Friday, November 28, 2008
Here's a nice compilation of some recent studies that show that privatized medical care adds costs rather than reduces them. It stands to reason if you think about the costs of marketing (as much as 25% of for-profit university budgets) and the cost of profits, which go in varying but usually high degrees to investors and not to operations. But reason hasn't been a big part of the rush to private funding. The analogies between education and health care are interesting.

Thursday, November 27, 2008

Thursday, November 27, 2008
I've been writing to my budget pals for a few months about when the toxic waste is going to surface in university endowments. It's only just beginning - in the form of the shadow of the holes in the crap investments thrown by operating cuts and now hiring freezes. Cornell announced a couple of weeks ago, the Chronicle of Higher Ed is starting to keep a list, which includes at least partial freezes at other Ivies like Brown and Dartmouth and a full hiring freeze of that greatest of all beneficiaries of the high-tech booms, Stanford University.

The New York Times has a good overview that begins, "Some of the nation’s universities are trying to sell chunks of their portfolios privately as their endowments swoon with the markets."

The crucial point in the piece is that university "endowments with more than $1 billion in assets reported 35 percent of their holdings" to be in "alternative investments" - i.e. the stuff that has been locking up or blowing up for six months now. This is a much higher proportion than can be found in pension plans, which means that the big endowments can be expected to fall more than say the 15% that the University of California's pension plan has fallen so far in this calendar year. Should we look for losses at Stanford, Yale, and Duke of 30% in one year?

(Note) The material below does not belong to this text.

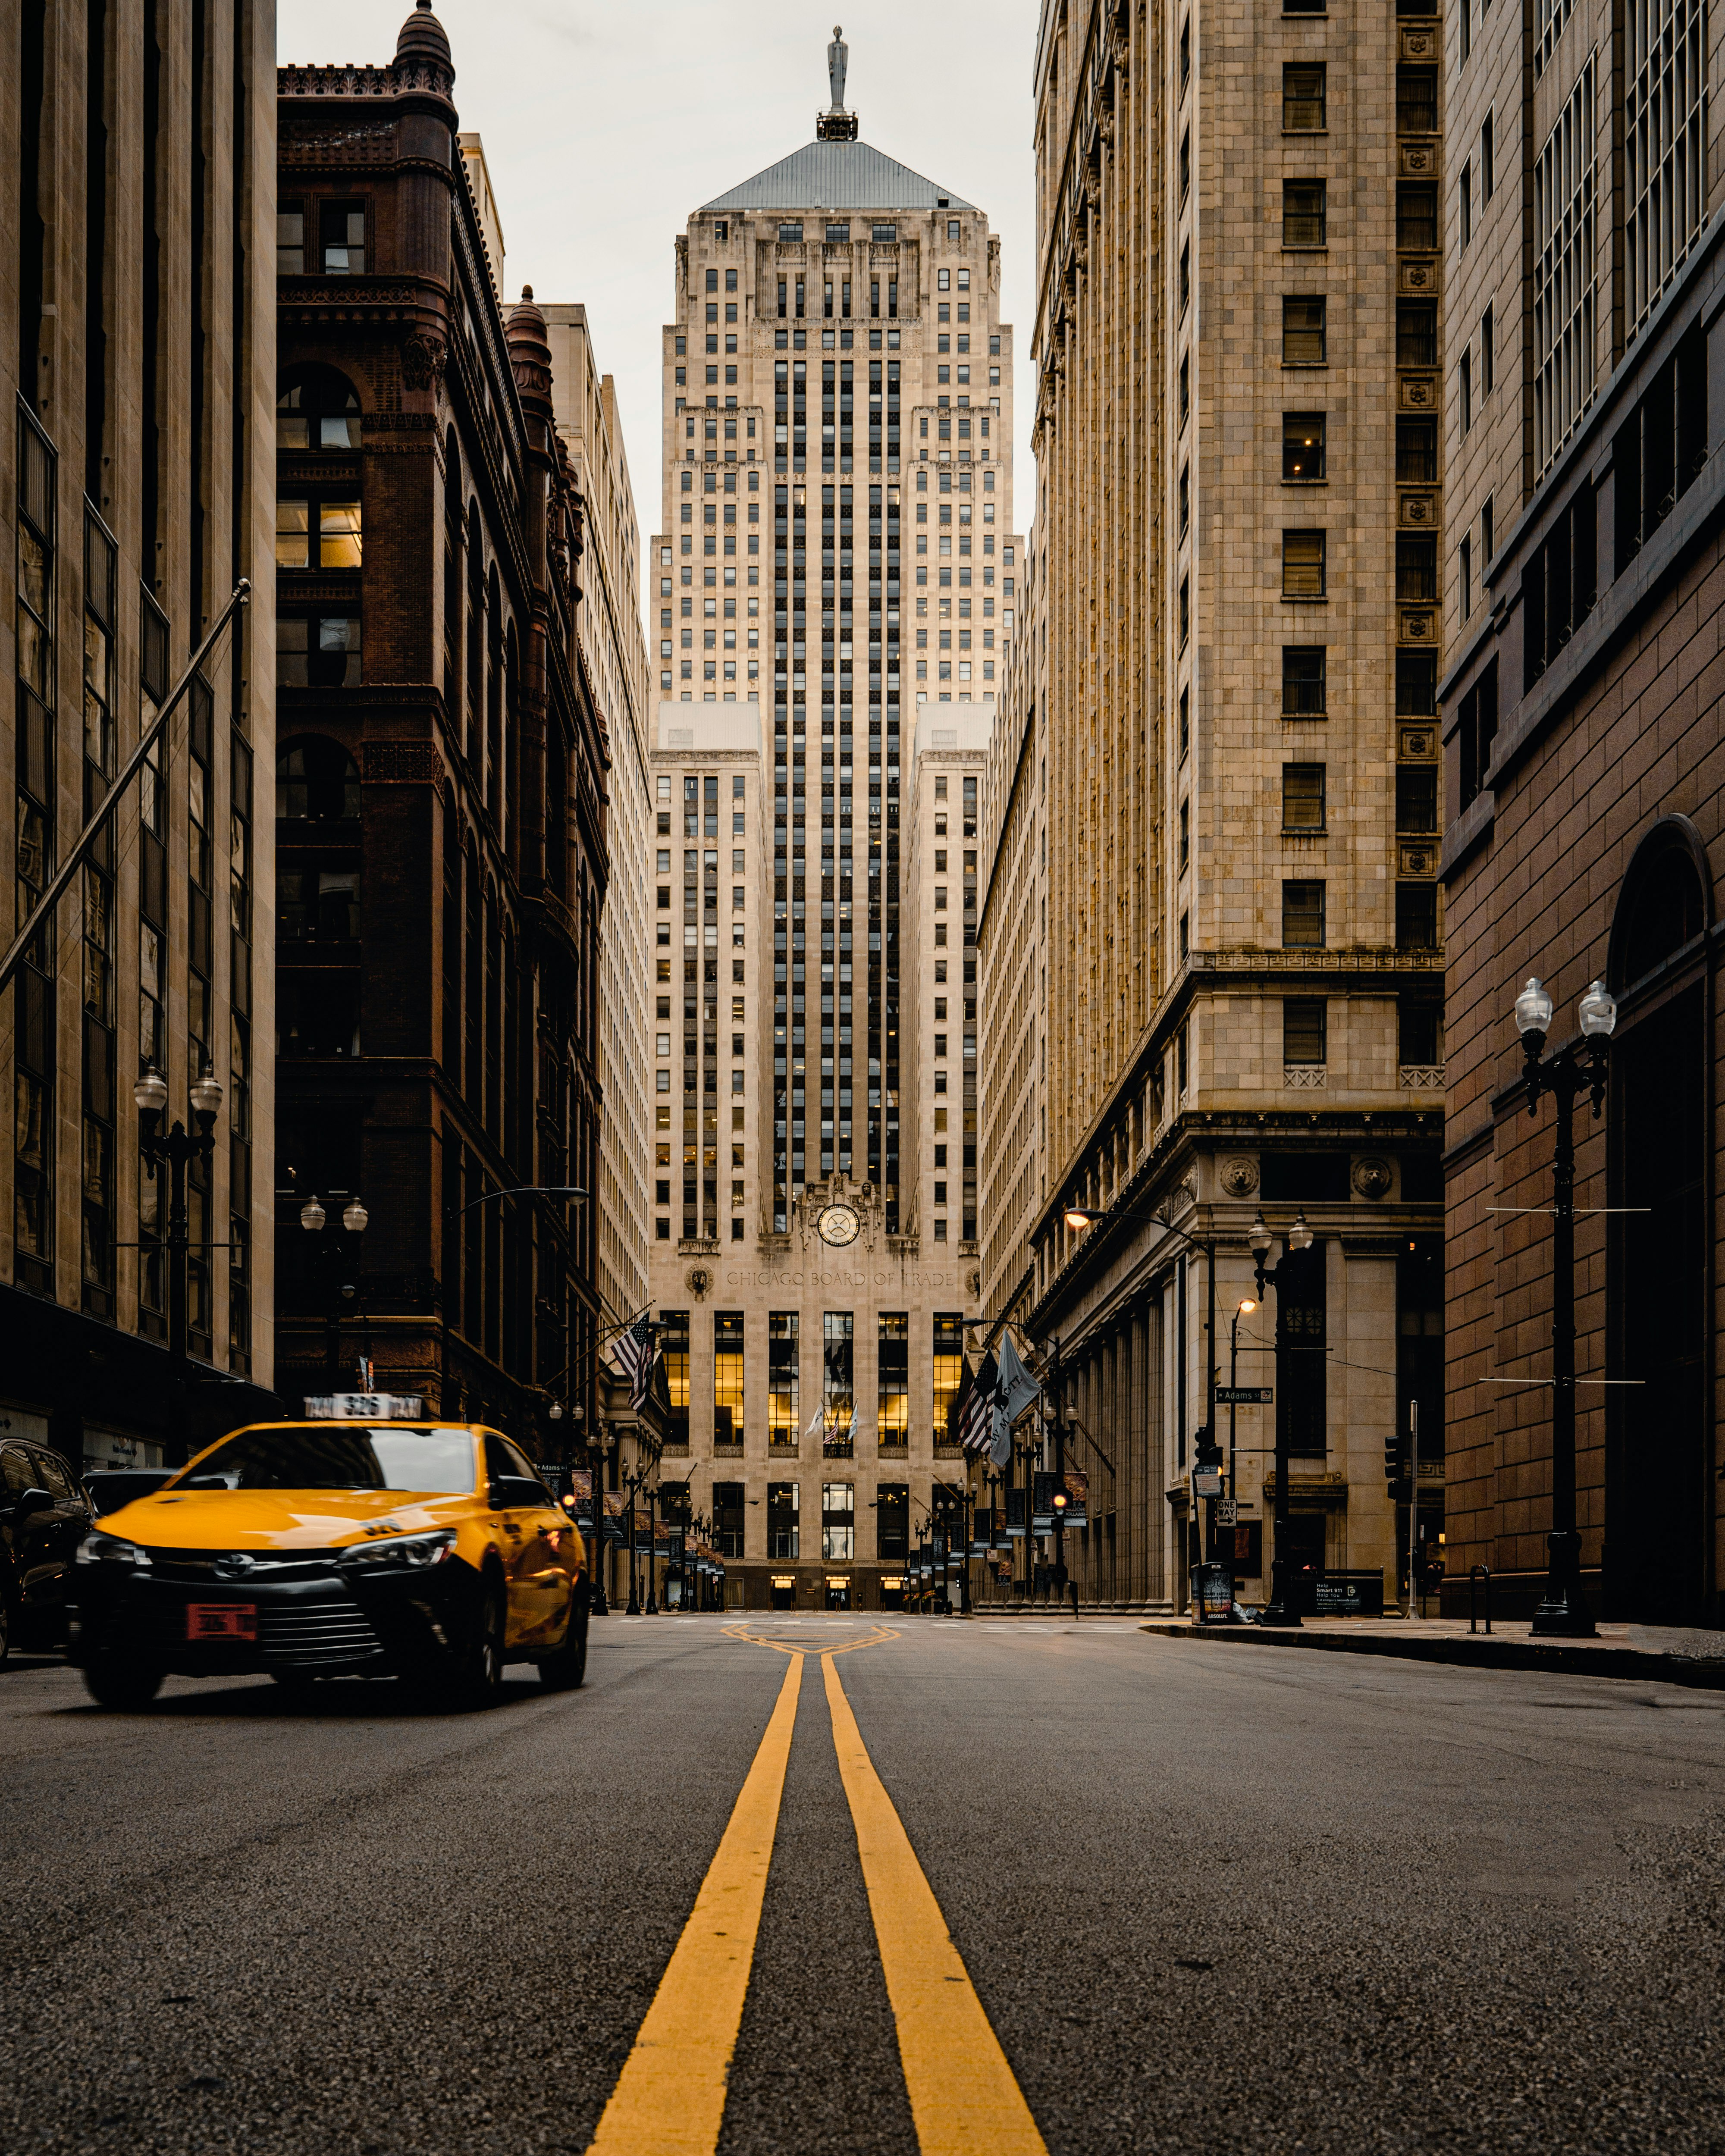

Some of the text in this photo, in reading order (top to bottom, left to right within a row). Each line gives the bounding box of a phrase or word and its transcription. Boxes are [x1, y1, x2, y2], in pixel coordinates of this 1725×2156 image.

[727, 1272, 953, 1286] CHICAGO BOARD OF TRADE

Hence the logic behind this otherwise surprising announcement, reported in the CHE by Charles Huckabee, from the richest university on earth:

November 25, 2008

Harvard Freezes Staff Hiring and May Call Off Faculty Searches

In further signs that university endowments — even the wealthiest ones — are taking a hit in the nation’s economic crisis, The Boston Globe reports that Harvard University’s largest faculty division is freezing staff hiring and rethinking faculty searches, and The New York Times reports that Harvard and other institutions are exploring opportunities to sell some of the more volatile chunks of their endowment portfolios.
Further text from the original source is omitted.